Vient alors “Forever Certain“, son véritablesingle. Une fois encore, Tracy Bryant semble y avoir introduit un peu de folk, ce qui contentera une partie de la scène, mais qui, je trouve, soustrait un peu de l’aspect brumeux de Subterranean. Heureusement, l’excellente production lui donne des allures de quasi-hit ! Et “I Don’t Love You Anymore” de parfaite cette ambiance piano-bar plutôt légère.
“A Crowded Room” a l’avantage d’une belle ligne de basse, avec son introduction très Beatles. Son côté décousu rappelle ensuite Cass McCombs, ce qui n’est pas pour nous déplaire, et puis, le chorus ajoute un brin de pop spectrale qui va bien à Tracy Bryant. Le deuxième temps dont je parlais en introduction arrive véritablement sur ce morceau, plus mélancolique que les précédents. Un des récents articles que j’écrivais à son égard était intitulé Los Angeles la nuit, et c’est précisément ce que l’on retrouve ici.
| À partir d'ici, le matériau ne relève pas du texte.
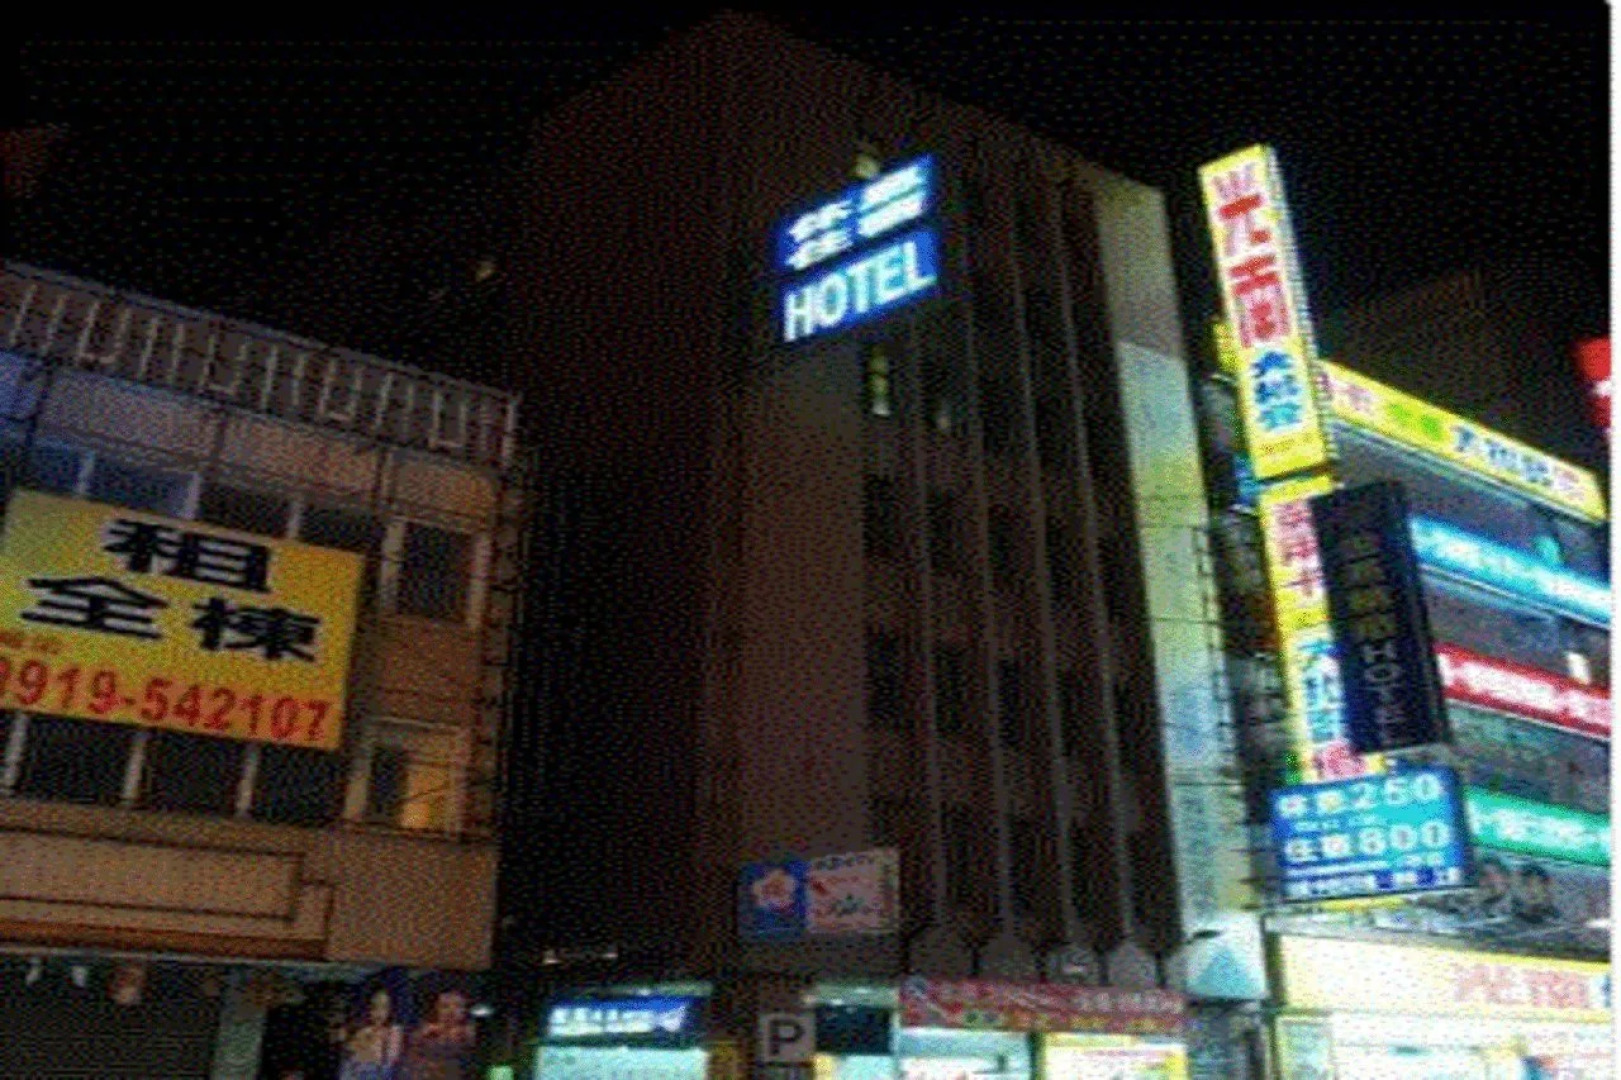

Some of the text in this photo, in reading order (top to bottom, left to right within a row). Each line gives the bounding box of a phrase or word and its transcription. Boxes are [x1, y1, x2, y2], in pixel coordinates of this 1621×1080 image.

[783, 240, 937, 343] HOTEL
[104, 518, 272, 595] 租
[769, 1019, 805, 1056] P
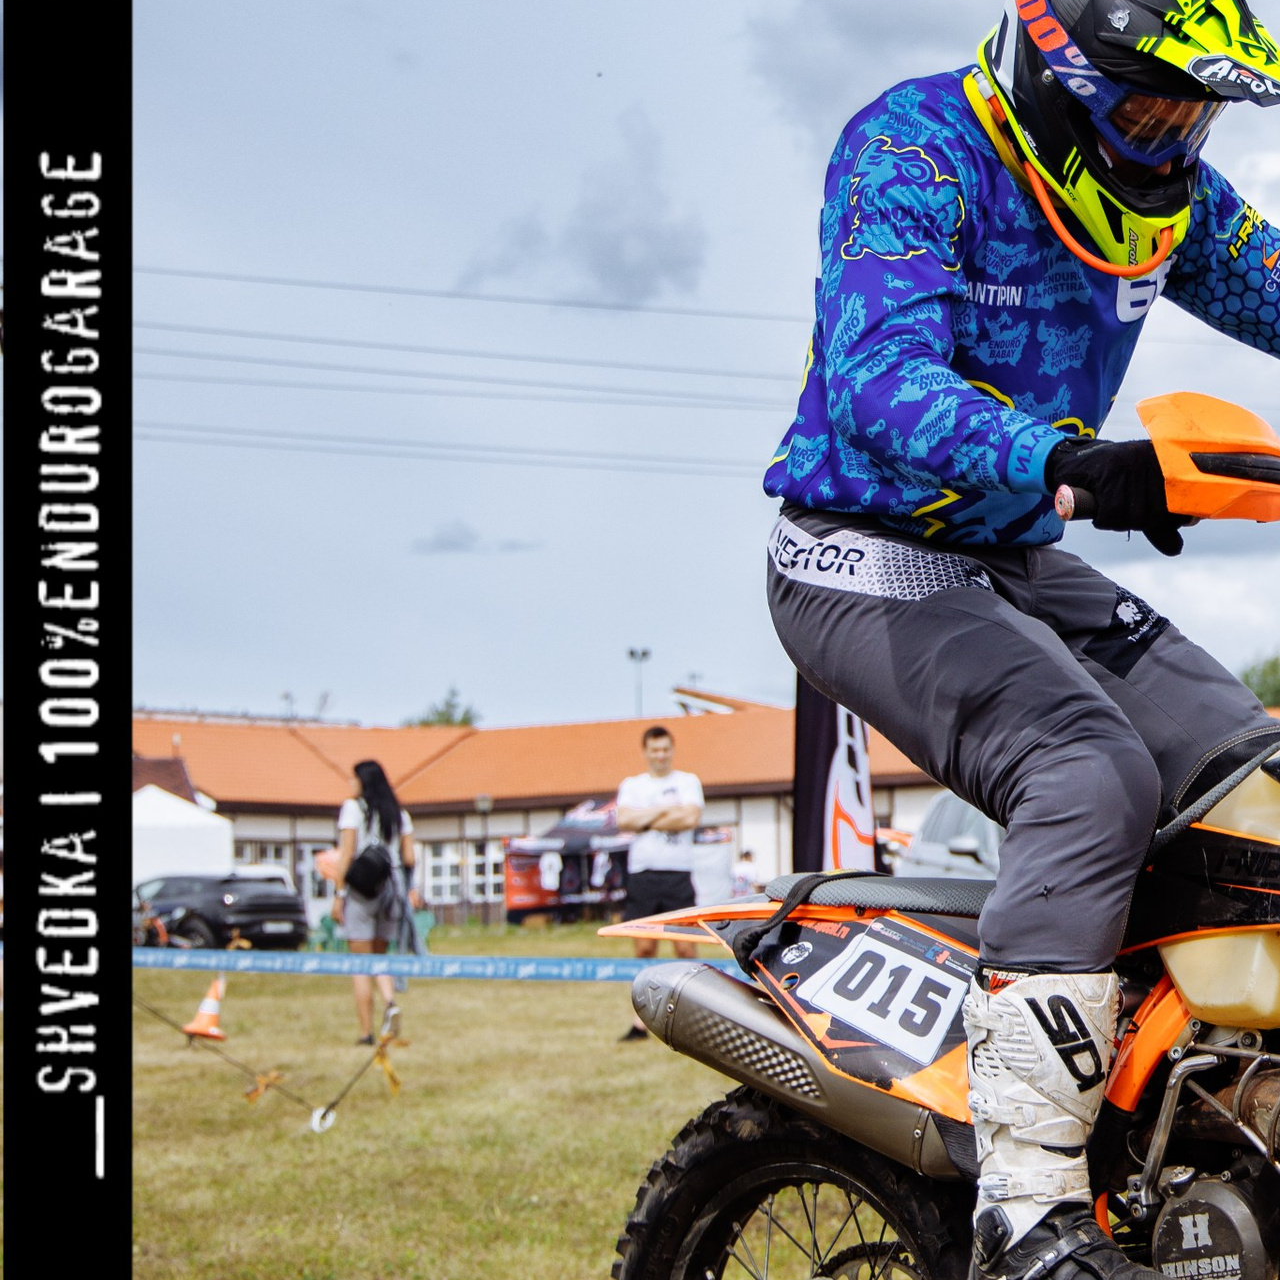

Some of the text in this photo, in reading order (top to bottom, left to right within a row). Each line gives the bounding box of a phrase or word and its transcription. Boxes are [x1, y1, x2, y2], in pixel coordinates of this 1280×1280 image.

[987, 339, 1021, 350] ENDURO
[988, 348, 1017, 359] BABAY
[1051, 344, 1081, 361] ENDURO
[913, 408, 953, 443] ENDURO
[925, 421, 949, 445] UPAL
[832, 950, 952, 1038] 015
[1178, 1212, 1213, 1250] H
[1161, 1253, 1241, 1278] HINSON
“White Meat” enfonce le clou. Baladeur et parfois langoureux, il refait de la pop de Tracy Bryant une démonstration de post-nineties. Imaginez marcher au milieu de grands manoirs, la nuit, seul. “X-Ray“, avec la voix de Tracy dédoublée, donne l’impression d’un titre fantomatique, de la soft pop qui ne tend pas véritablement vers la pop spectrale ni même la dream pop. Peut-être ce titre est-il de l’anti breeze-pop…
Et “Right Here Waiting” de renforcer cette sensation qu’un voile noir s’est doucement posé sur l’album. Malgré une guitare acoustique tout en douceur, Tracy Bryant parvient à transformer suffisamment sa voix pour que l’on ait la forte impression d’un venu d’ailleurs. Quelle est la source de cette métamorphose, je l’ignore, une chose est certaine, l’intention est au mystère. “Unlonely” conclut avec un retour à la pop folk de l’introduction. Tracy y est distant.
Au final, il faut plusieurs écoutes pour se convaincre de la réussite de cet album, parce que sa première partie est assurément plus légère que Subterranean – et que l’on aime notre Tracy Bryant un peu plus taciturne – tandis que la seconde est initiatique, entre la pop d’ovni et le slowcore d’un télépathe. Tracy Bryant n’a donc rien perdu de sa superbe, il vogue sur les eaux troubles d’une scène californienne qui se caricature souvent, tandis que lui reste sur sa barque. Avec A Place For Nothing And Everything In Its Place, Tracy Bryant devient notre Charon attitré – celui qui fait passer sur sa barque les ombres errantes des défunts à travers le fleuve Achéron. Le début du voyage semble être une bonne nouvelle alors que le tournant de la seconde moitié voit s’envoler nos espoirs de paradis. A place for nothing, qu’il dit.